The president denied making such a suggestion. 

The bill appears unlikely to make it out of committee, and even more unlikely to appear on Trump’s desk. “But after hearing Trump’s alleged comments on nukes and hurricanes and researching the issue further, Garcia felt she had to at least get the idea of a ban on using nuclear weapons to disrupt the weather on the table,” Stone adds. 

Scientists are studying volcanos to assess the impact of elevated carbon dioxide levels on tropical environments. 

Teams of scientists are looking to Rincón de la Vieja, one of Costa Rica’s active volcanoes, and the carbon dioxide that seeps from its cracks. 

“The stability of the world’s climate depends in part on these areas,” Daniel Grossman reports. “Every year, tropical forests soak up more than 2 billion tons of carbon dioxide, a substantial share of what’s emitted by power plants, industrial smokestacks and vehicle exhaust pipes.

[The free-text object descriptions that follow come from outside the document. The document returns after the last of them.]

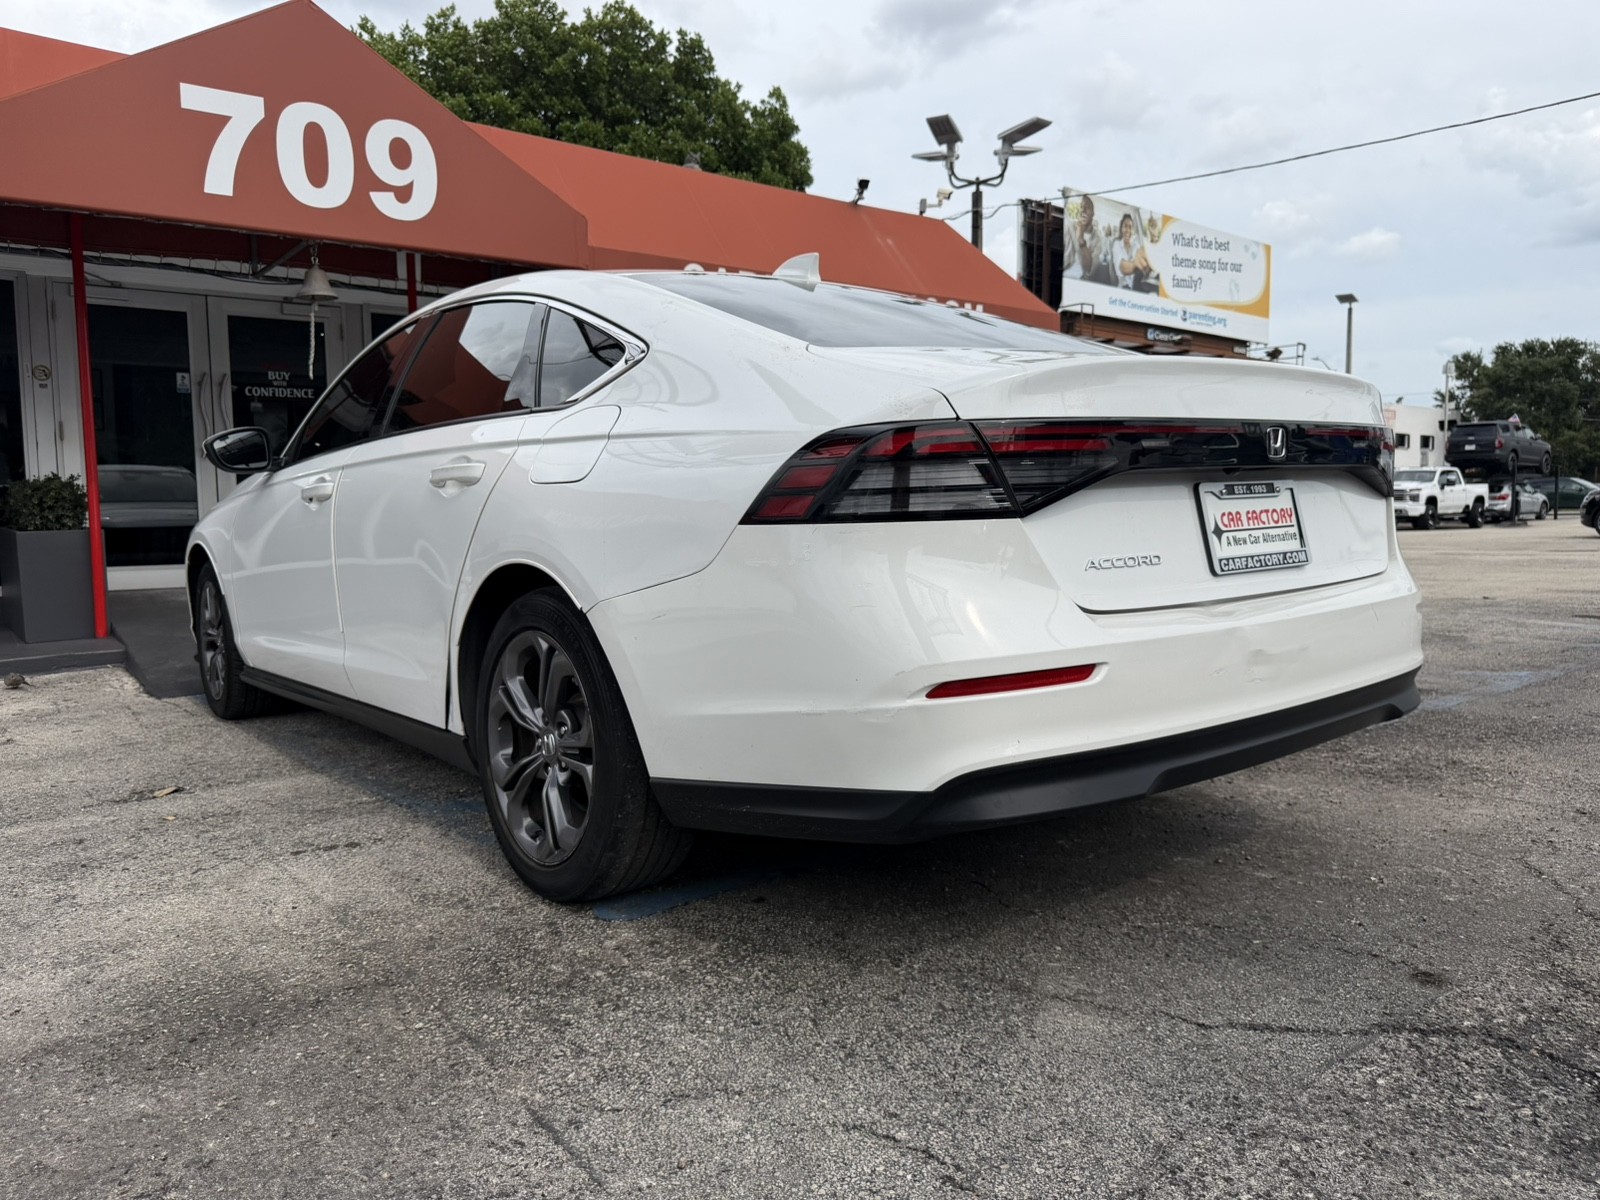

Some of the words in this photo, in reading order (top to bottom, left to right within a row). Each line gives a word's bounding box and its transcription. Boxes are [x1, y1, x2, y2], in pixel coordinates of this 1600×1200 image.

[180, 82, 438, 221] 709
[1172, 232, 1199, 249] What's
[1201, 235, 1213, 250] the
[1214, 237, 1230, 252] best
[1172, 253, 1197, 269] theme
[1198, 258, 1217, 274] song
[1217, 257, 1229, 272] for
[1230, 263, 1243, 273] our
[1172, 274, 1202, 292] family?
[267, 371, 291, 381] BUY
[244, 386, 315, 399] CONFIDENCE
[1234, 485, 1250, 494] EST.
[1220, 510, 1244, 529] CAR
[1245, 507, 1293, 527] FACTORY
[1226, 535, 1232, 547] A
[1232, 534, 1247, 546] New
[1248, 533, 1261, 545] Car
[1262, 530, 1298, 544] Alternative
[1084, 554, 1162, 572] ACCORD
[1220, 551, 1307, 571] CARFACTORY.COM
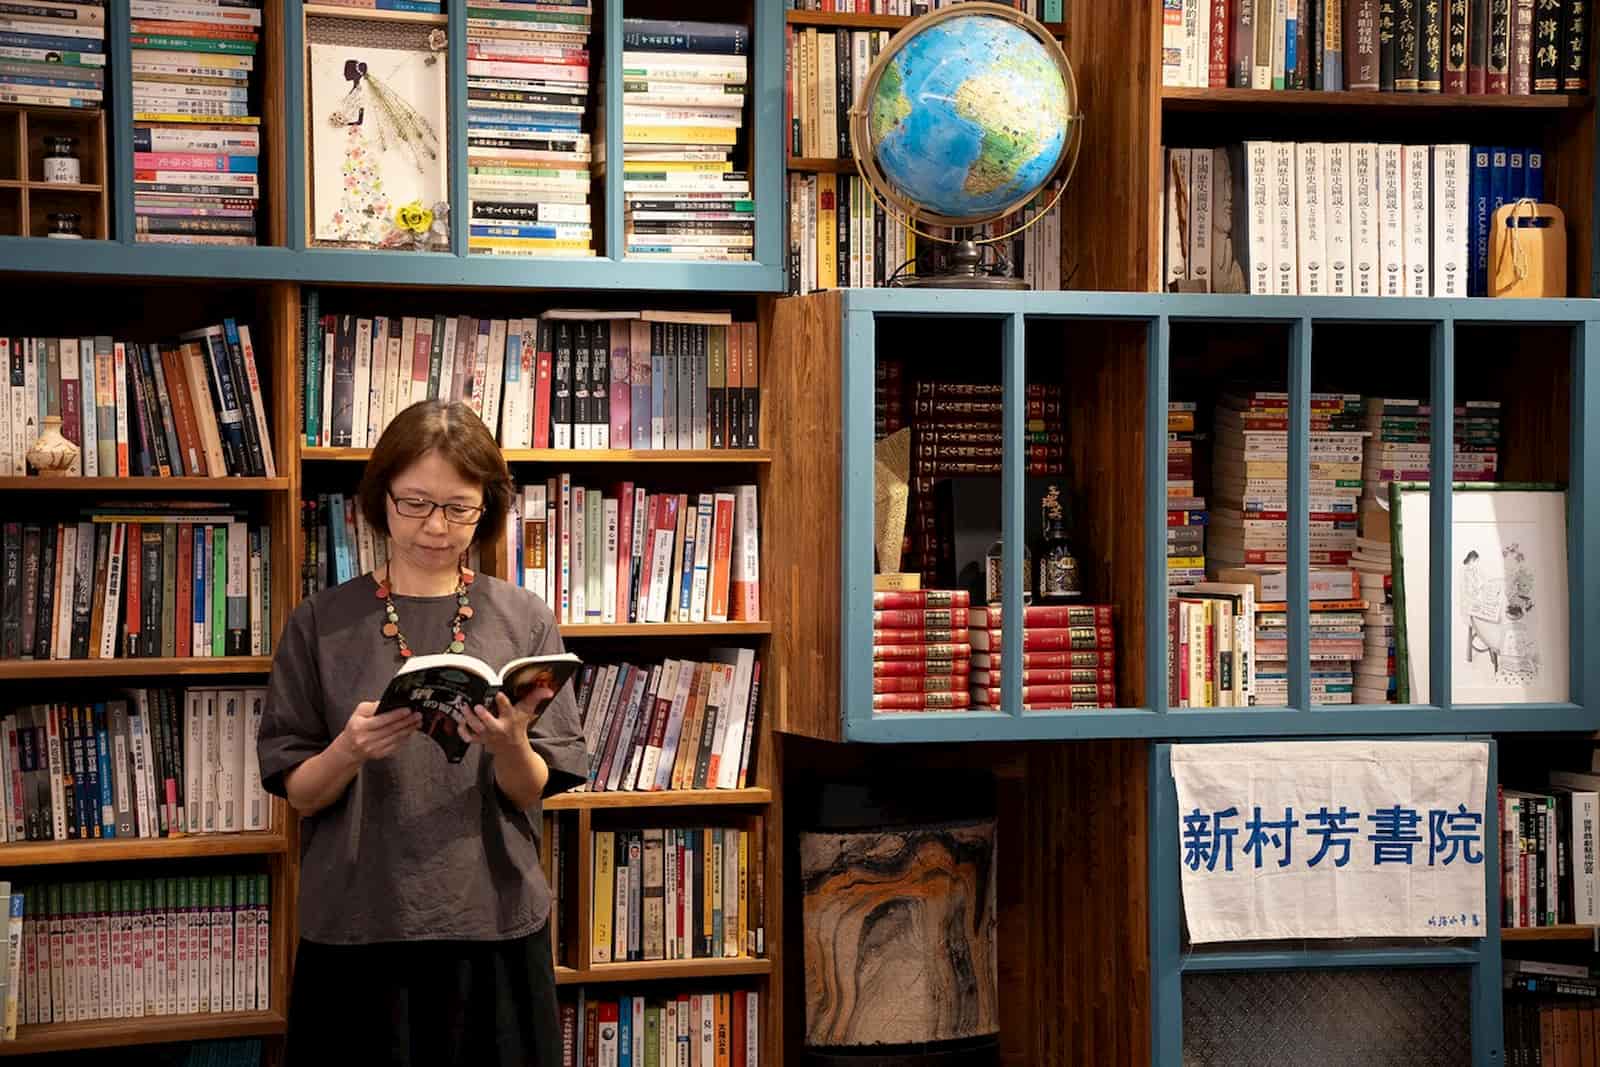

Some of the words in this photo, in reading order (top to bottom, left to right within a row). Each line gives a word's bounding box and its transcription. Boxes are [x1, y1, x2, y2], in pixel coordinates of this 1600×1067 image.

[1478, 153, 1487, 166] 3
[1495, 153, 1504, 166] 4
[1512, 154, 1521, 167] 5
[1530, 154, 1539, 167] 6
[1182, 804, 1484, 872] 新村芳書院
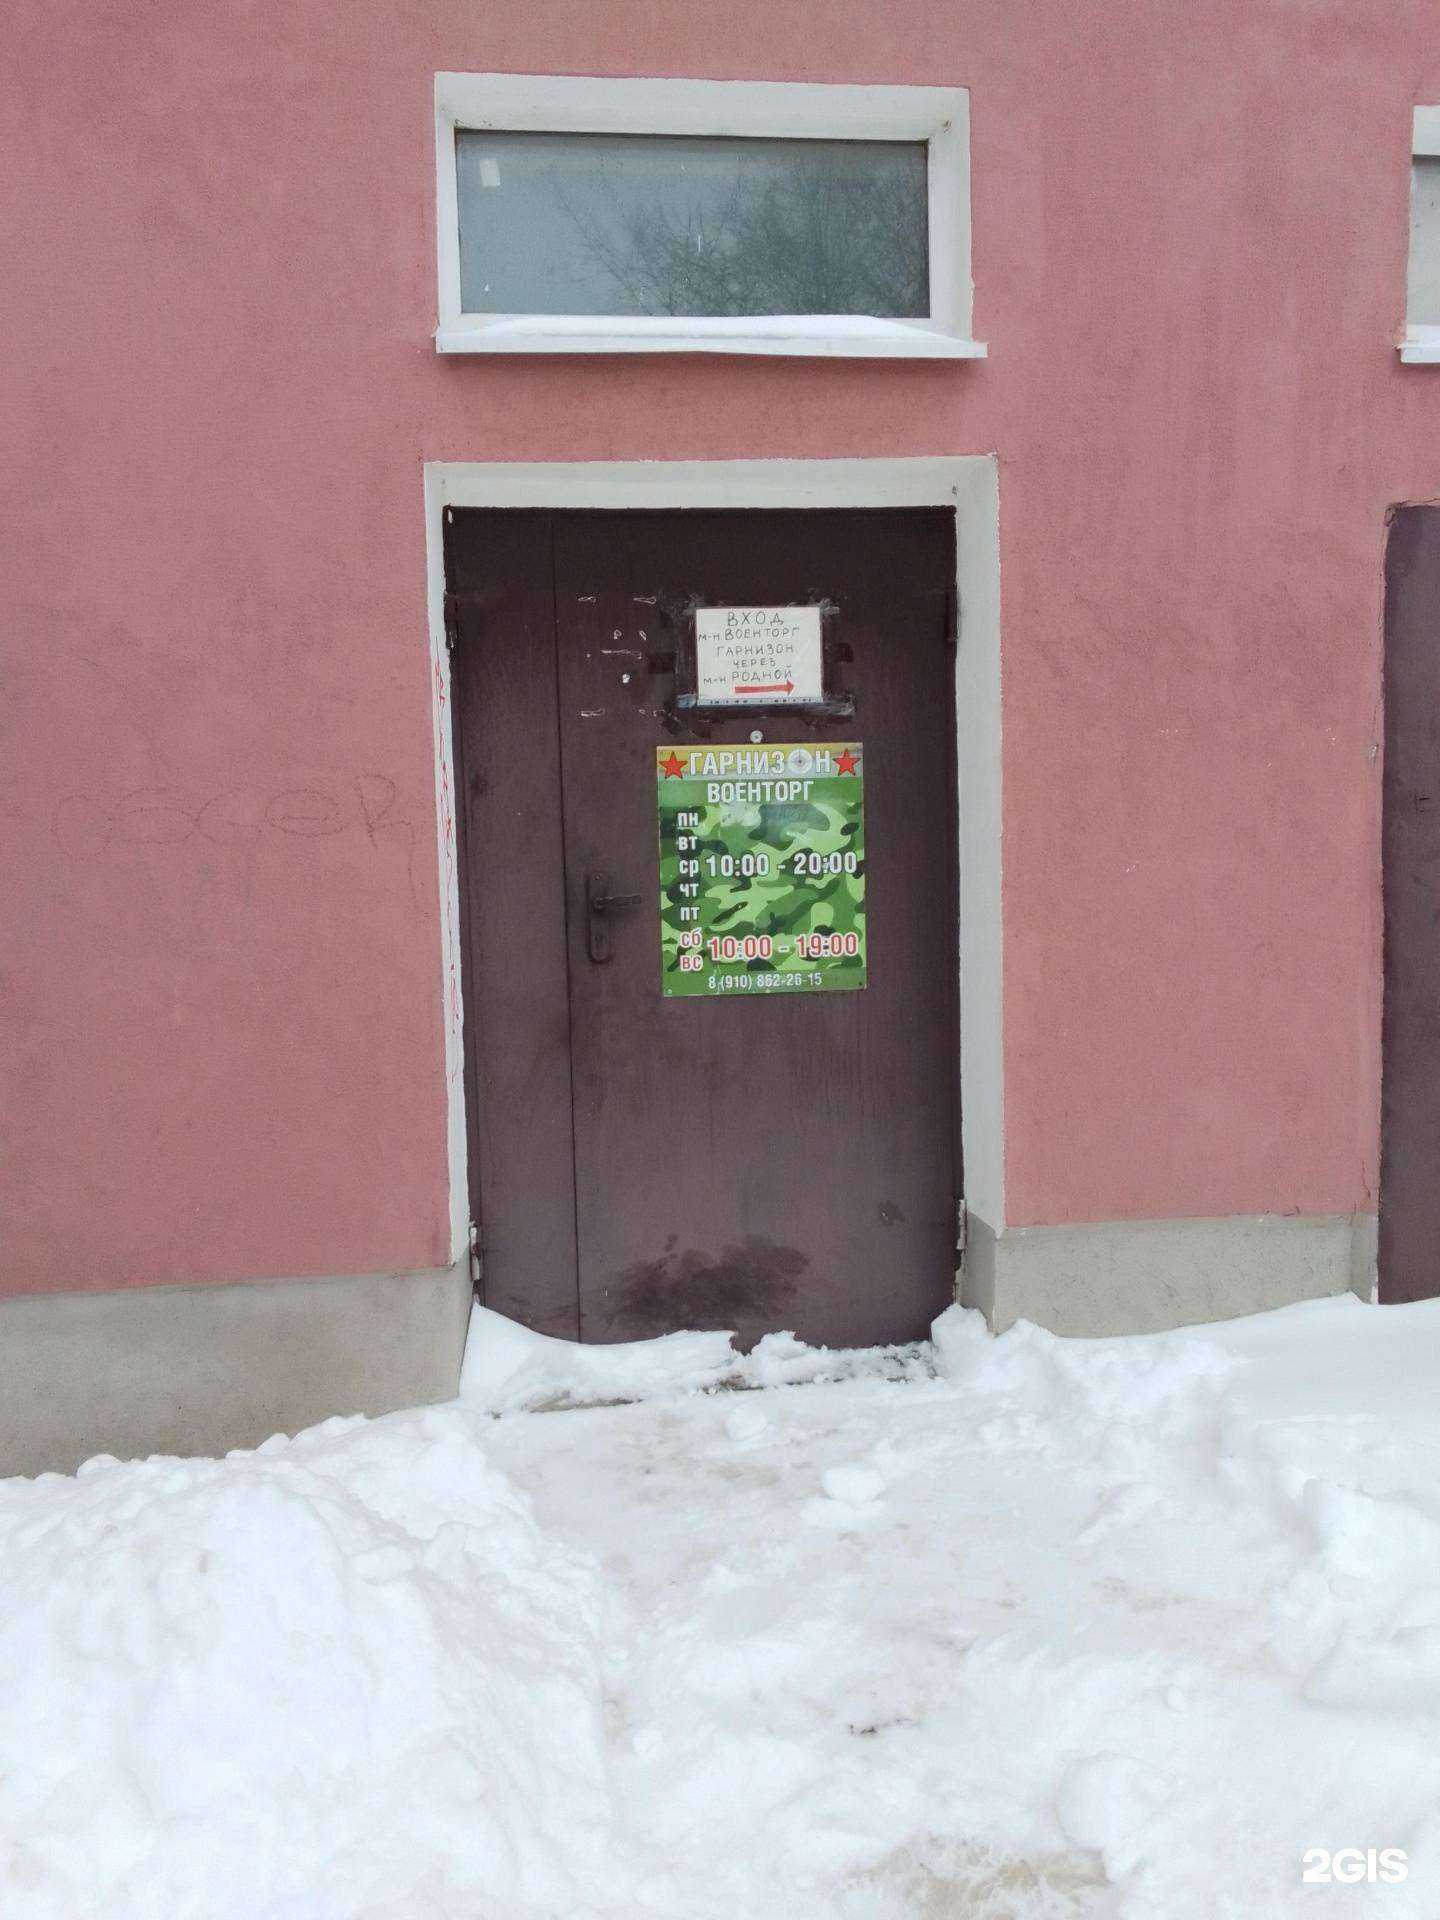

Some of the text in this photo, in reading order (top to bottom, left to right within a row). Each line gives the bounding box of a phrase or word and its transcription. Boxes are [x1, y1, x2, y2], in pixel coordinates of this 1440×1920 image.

[727, 611, 784, 627] ВХОД
[725, 627, 800, 641] ВОЕНТОРГ
[733, 658, 777, 668] ЧЕРЕЗ
[731, 665, 793, 682] РОДНОЙ
[689, 748, 832, 776] ГАРНИЗОН
[707, 781, 815, 804] ВОЕНТОРГ
[706, 853, 770, 877] 10:00
[793, 852, 858, 875] 20:00
[708, 935, 773, 961] 10:00
[795, 932, 859, 957] 19:00
[720, 974, 752, 990] (910)
[756, 972, 823, 988] 862-26-15
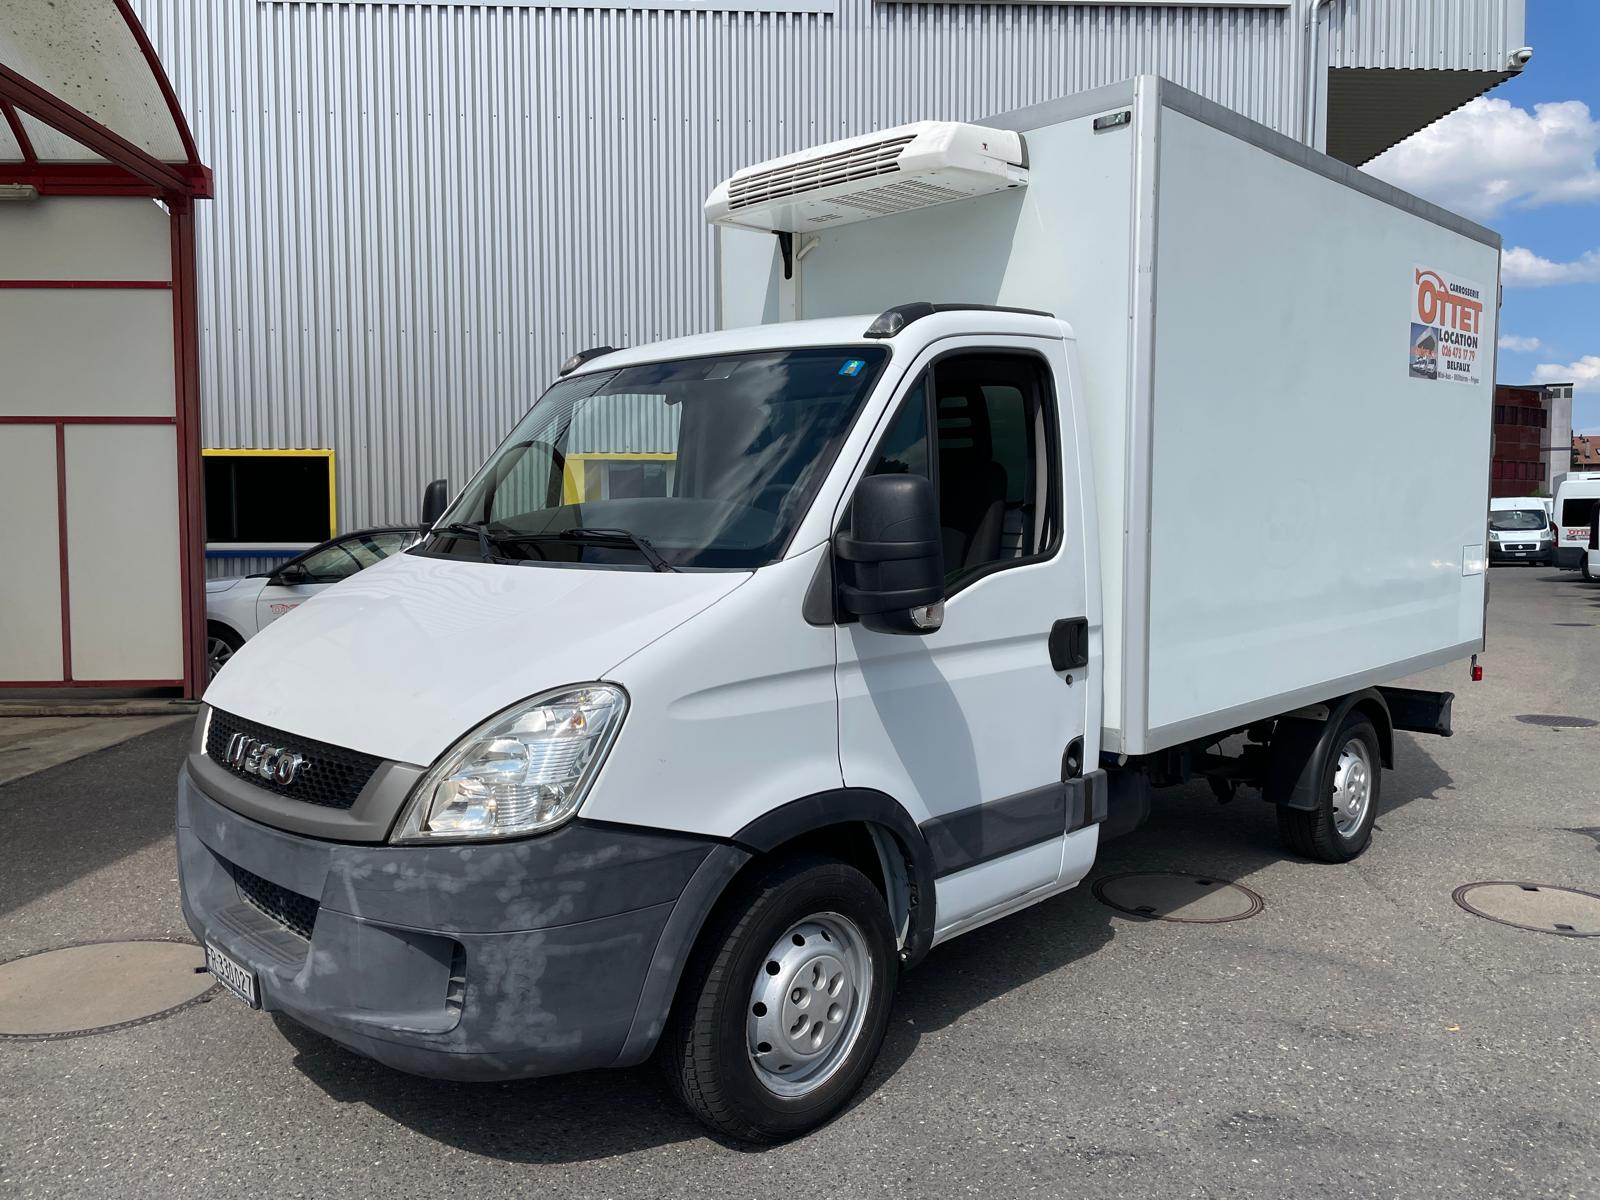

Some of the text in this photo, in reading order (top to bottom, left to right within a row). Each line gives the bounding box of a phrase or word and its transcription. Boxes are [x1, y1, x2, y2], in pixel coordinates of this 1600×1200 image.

[1450, 283, 1479, 299] CARROSSERIE
[1418, 280, 1482, 334] OTTET
[1439, 329, 1478, 349] LOCATION
[1447, 360, 1470, 372] BELFAUX
[227, 733, 302, 785] IVECO

Yet how increasing temperatures and decreasing rainfall will affect them long term remains unclear.” 

Some climate scientists believe tropical forests will start to absorb less carbon dioxide, while others say higher concentrations of CO2 will protect them. 

Oil check

BP is cutting thousands of jobs amid the pandemic’s impact on oil prices. 

The British energy giant will cut about 14 percent of its workforce, nearly 10,000 jobs, and freeze pay for senior-level managers, the Wall Street Journal reports.

“The job cuts come as newly appointed Chief Executive Bernard Looney responds to the pandemic’s devastating effect on oil demand and coincides with his attempts to reshape the U.K.-based oil giant for a low-carbon future,” per the report. 

In other news

PG&E Corp. will sell its headquarters in San Francisco and move to Oakland. 

The move is a money-saving one and a “major step for the company and subsidiary Pacific Gas and Electric Co., which has been based in San Francisco since its creation 115 years ago,” the San Francisco Chronicle reports. “The company’s roots in the city stretch back even further, to the founding of San Francisco Gas Co. in 1852.”

The announcement that it will move in the coming years “comes as PG&E seeks to wrap up its costly bankruptcy case this year. The utility and its parent company filed for bankruptcy in January 2019, facing billions of dollars in liabilities from devastating wildfires that the company’s power lines caused,” per the report.